I’d like to teach the Mets to score with regularity. I’d like for them to cross the plate and do it constantly.
Or at least while Matt Harvey [1] is on the mound.
Monday night the Mets did eventually find a second run to keep the one they’d rustled up ten innings earlier company. By then, they and the Cardinals had played fourteen innings — five more than is generally required, six after Dr. Harvey left his moundtop lab, where he was expertly dissecting St. Louis batters to further advance the cause of humanity.
Harvey (8 IP, 6 H, 1 BB, 9 SO, 0 R) logged another start that was as dominant as it had to be without quite being all-encompassing awesome. He doesn’t seem as Dark Knight confounding as he did before they (oh, by the way) operated on his elbow, yet look at what he does. There are small clumps of baserunners, but they don’t much go anywhere. It gets later, he gets better. Someone flashes a stat that he’s not so dazzling when he surpasses 100 pitches. He surpassed 100 pitches against the Cardinals. His 105th pitch retired Matt Holliday [2] and produced an eighth zero for the top line on the scoreboard. Matt gave himself a quick clap into his glove as he exited.
I hope he didn’t pump his fist through a wall when the top of the ninth came around and Jeurys Familia [3] couldn’t do for him what he’d been doing for Met starters all season. The Cardinals scratched out the one run that kept Harvey from notching a sixth win and kept those of us who can’t turn away from Mets baseball tuned in for a couple more hours.
Eventually we arrived at an unambiguous ending [4]. Without much offensive exertion (walk, walk, grounder, intentional walk), the Mets loaded the bases in the bottom of the fourteenth, when it was still 1-1. John Mayberry [5], Jr., pinch-hit and rolled a ball to a spot that kept Eric Campbell [6] from being thrown out at home, which is to say he drove in the winning run, but that somehow doesn’t sound like something John Mayberry, Jr., would do. But he did, and the Mets won in fourteen, 2-1.
Carlos Torres [7] got the win. He pitched two flawless innings. Alex Torres [8] and Hansel Robles [9] were similarly effective. They were about as good as Matt Harvey. I suppose we could say all of them were matched by John Lackey [10] and the five Redbird relievers who preceded the fourteenth. We have to give those guys credit, right? I mean they allowed the Mets one run through thirteen. That’s some kind of pitching, too.

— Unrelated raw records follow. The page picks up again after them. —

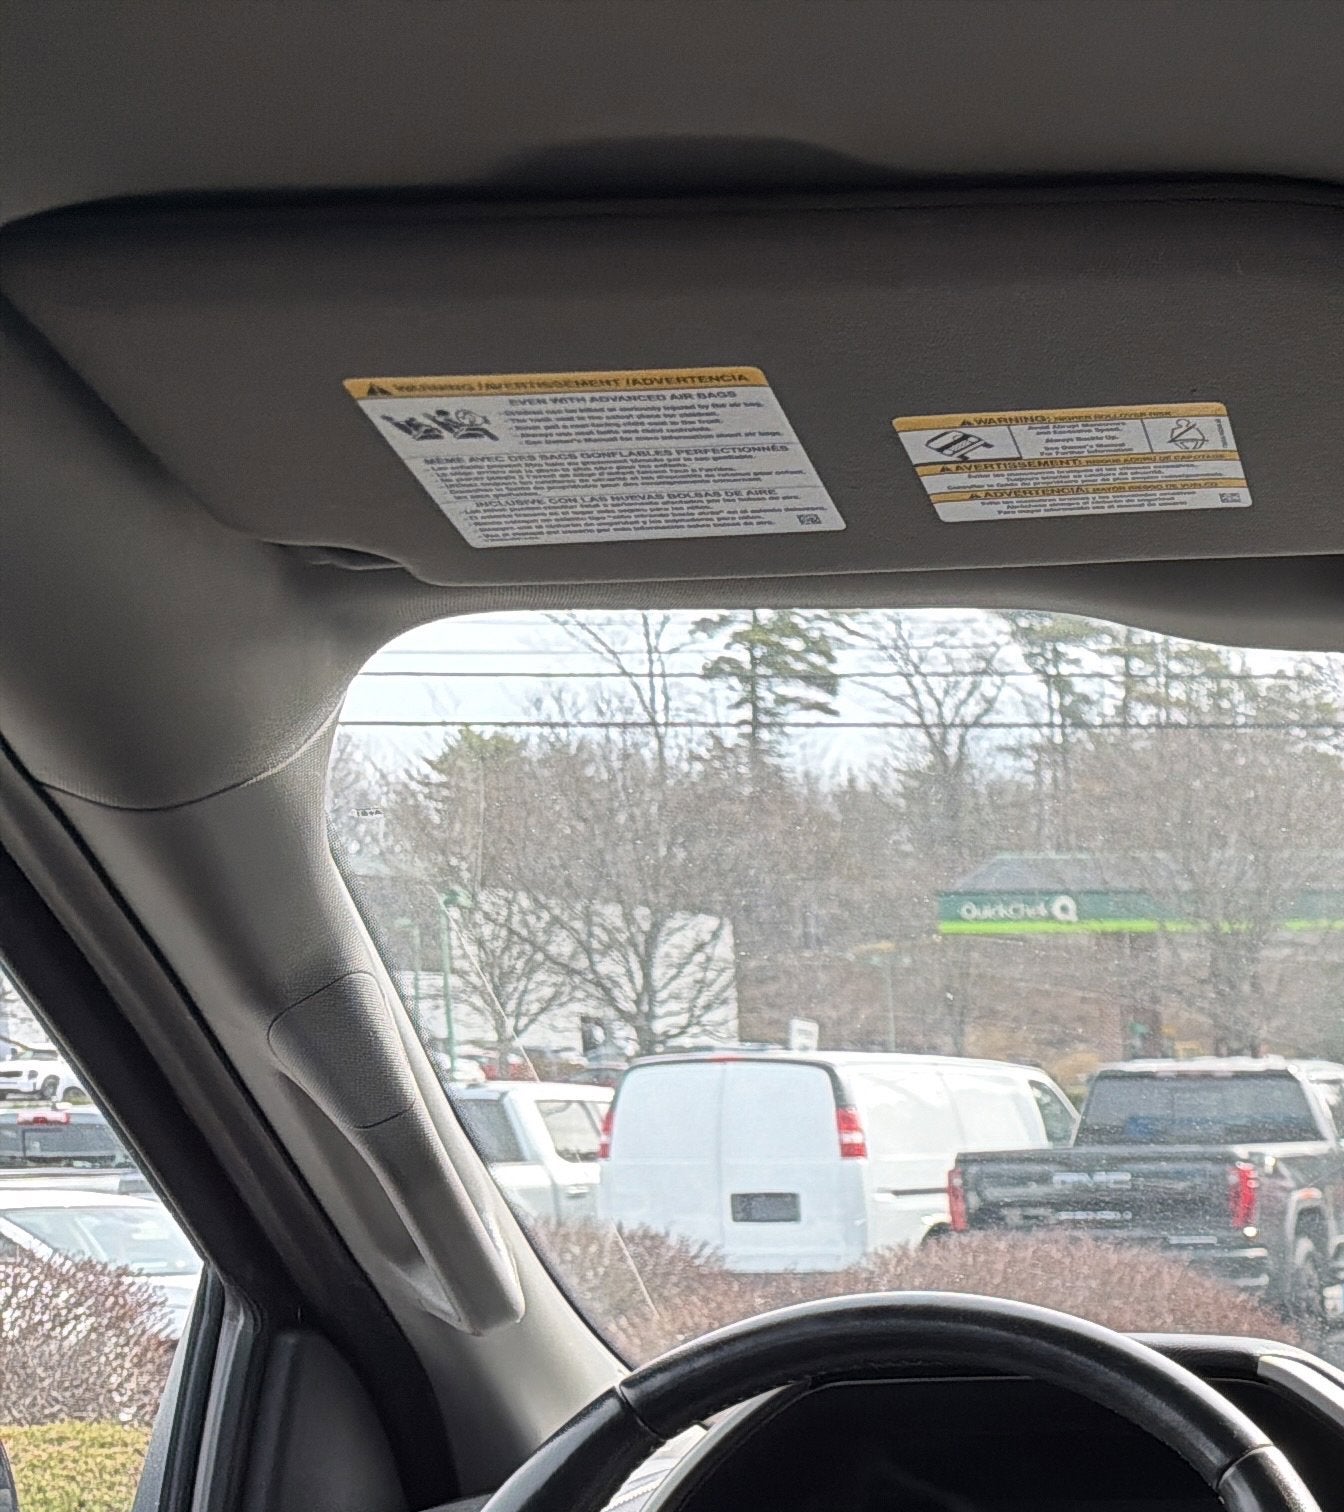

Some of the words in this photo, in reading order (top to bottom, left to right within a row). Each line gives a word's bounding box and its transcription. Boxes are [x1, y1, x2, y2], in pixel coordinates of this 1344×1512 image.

[587, 393, 667, 403] ADVANCED
[667, 391, 695, 400] AIR
[695, 390, 738, 398] BAGS
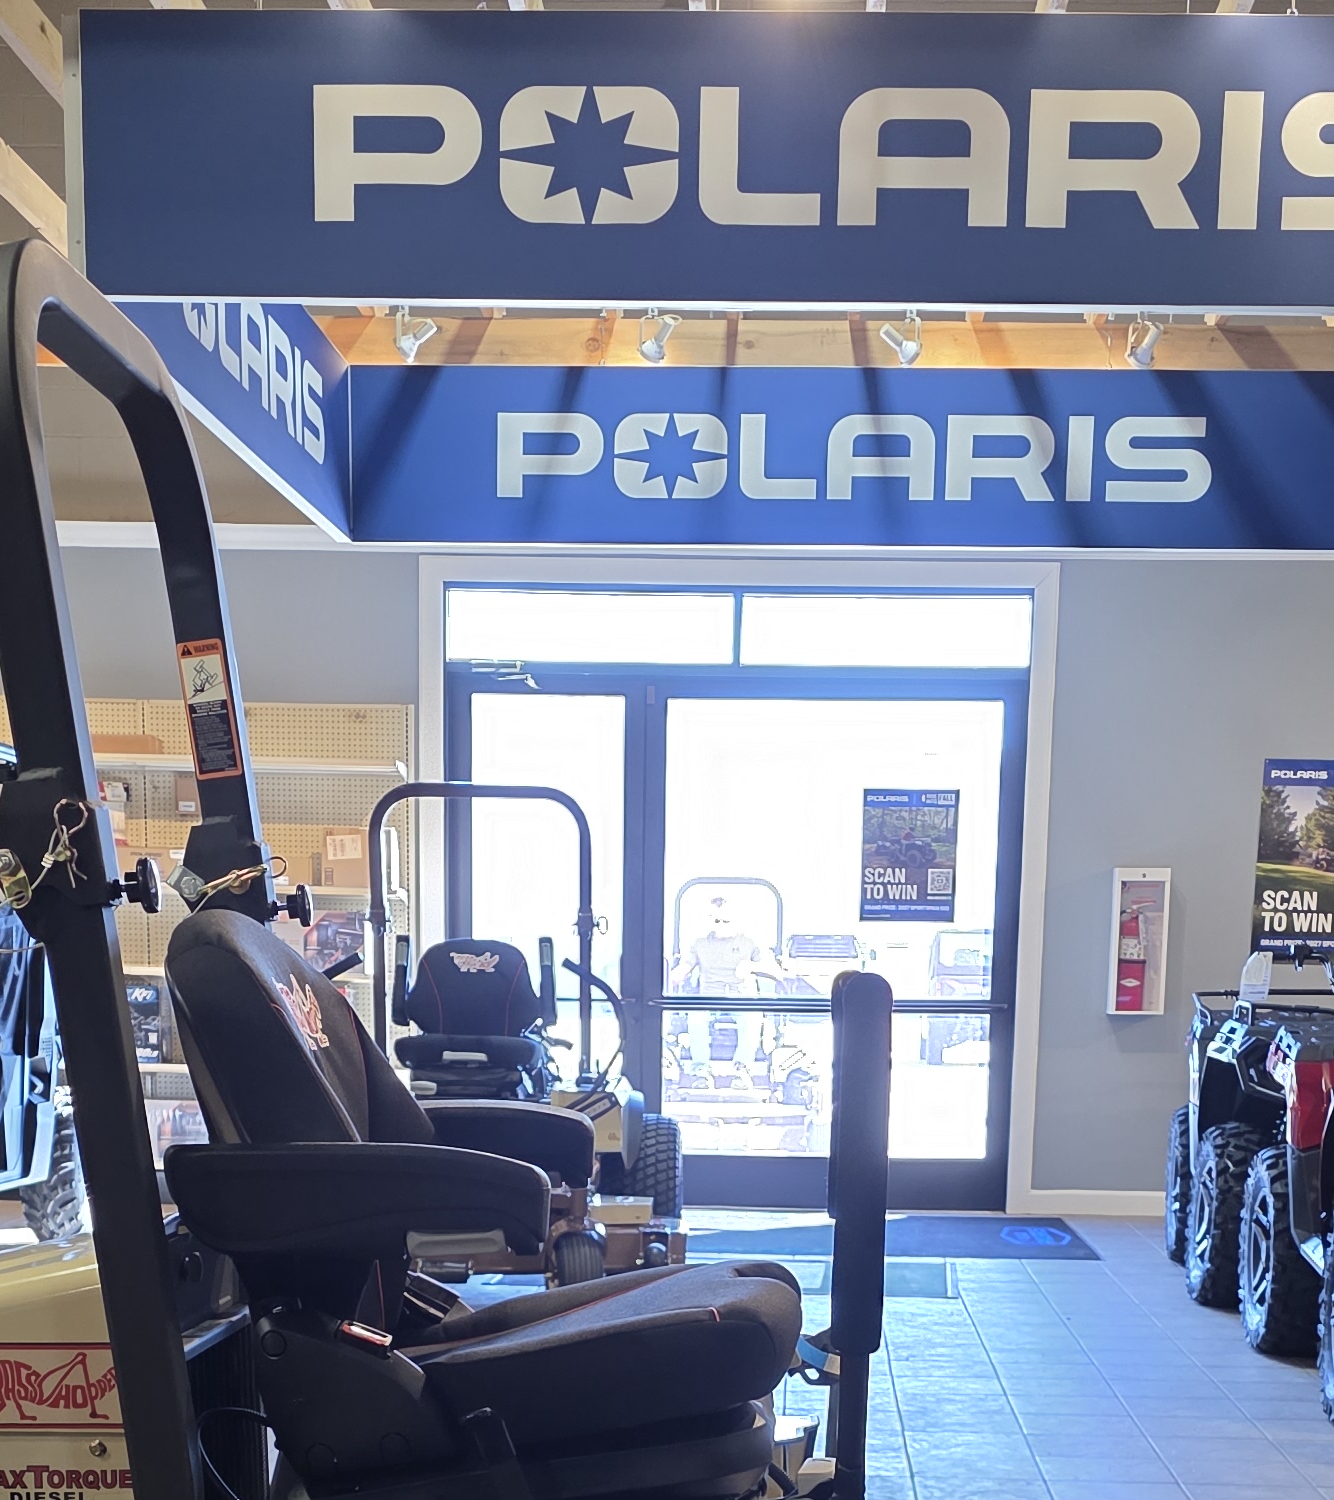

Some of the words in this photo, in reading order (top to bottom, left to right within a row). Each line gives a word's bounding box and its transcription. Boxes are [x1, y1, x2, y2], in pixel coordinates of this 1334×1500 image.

[497, 412, 1211, 502] POLARIS
[1271, 770, 1328, 779] POLARIS
[864, 868, 906, 883] SCAN
[864, 884, 884, 899] TO
[887, 885, 917, 900] WIN
[1262, 890, 1318, 910] SCAN
[1261, 912, 1287, 932] TO
[1292, 913, 1332, 933] WIN

But if we do that, we can’t moan about how the Mets barely hit and make our gripes stick — and we love doing that. The Cardinals have scary bats by both reputation and performance; five of their starters are hitting .298 or better. The Mets’ pinch-hitters from last night currently sport averages of .083, .079 and .139. The guy who got the winning hit is Mr. .139. The .079 guy, Kirk Nieuwenhuis [11], is probably about to be the guy who shuffles off this Metsian coil to make room for Darrell Ceciliani [12]. Who’s Darrell Ceciliani? He’s the guy from Las Vegas [13] who has a low bar to clear in terms of Met bench contributions.

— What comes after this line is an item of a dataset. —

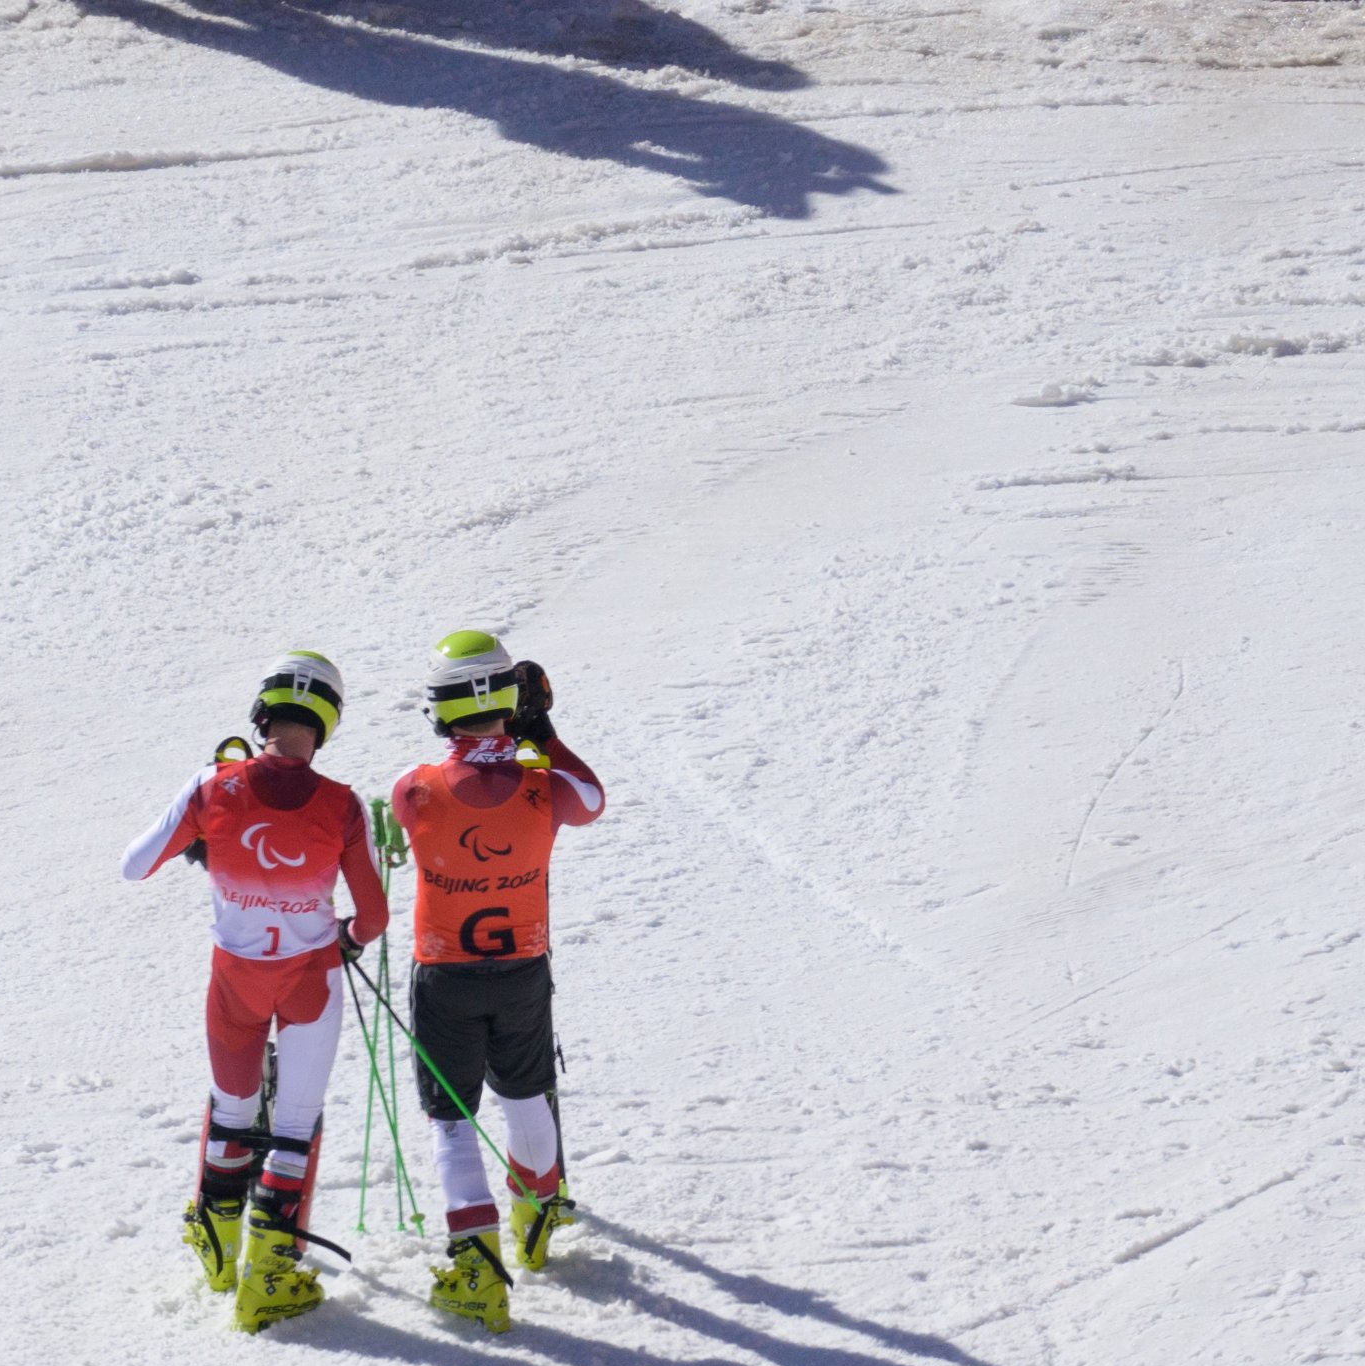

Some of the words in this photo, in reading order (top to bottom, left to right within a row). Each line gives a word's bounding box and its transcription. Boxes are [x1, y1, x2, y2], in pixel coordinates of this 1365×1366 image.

[423, 867, 490, 895] BEIJING
[496, 868, 540, 890] 2022
[261, 926, 280, 957] 1
[459, 906, 517, 958] G

There are a few flickers of light emerging among the Met regulars, but Monday night was a four-hour, fourteen-minute brownout, another caper in which they expertly camouflaged their offensive capabilities. In the end, the Mets saw their way clear to two runs, which was enough to achieve the objective of the evening — winning. It would’ve been much nicer had the win been affixed to Harvey’s record. We know pitcher wins are antiquated nonsense, but they still get kept track of. Harvey has thrown sixteen consecutive scoreless innings, fifteen of them in his last two starts. The Mets are 1-1 in those starts. Harvey is 0-0. His season ERA has dipped in that time from 2.72 to 1.98.
Something doesn’t quite add up there. But what else in the world of Met aces [14] is new?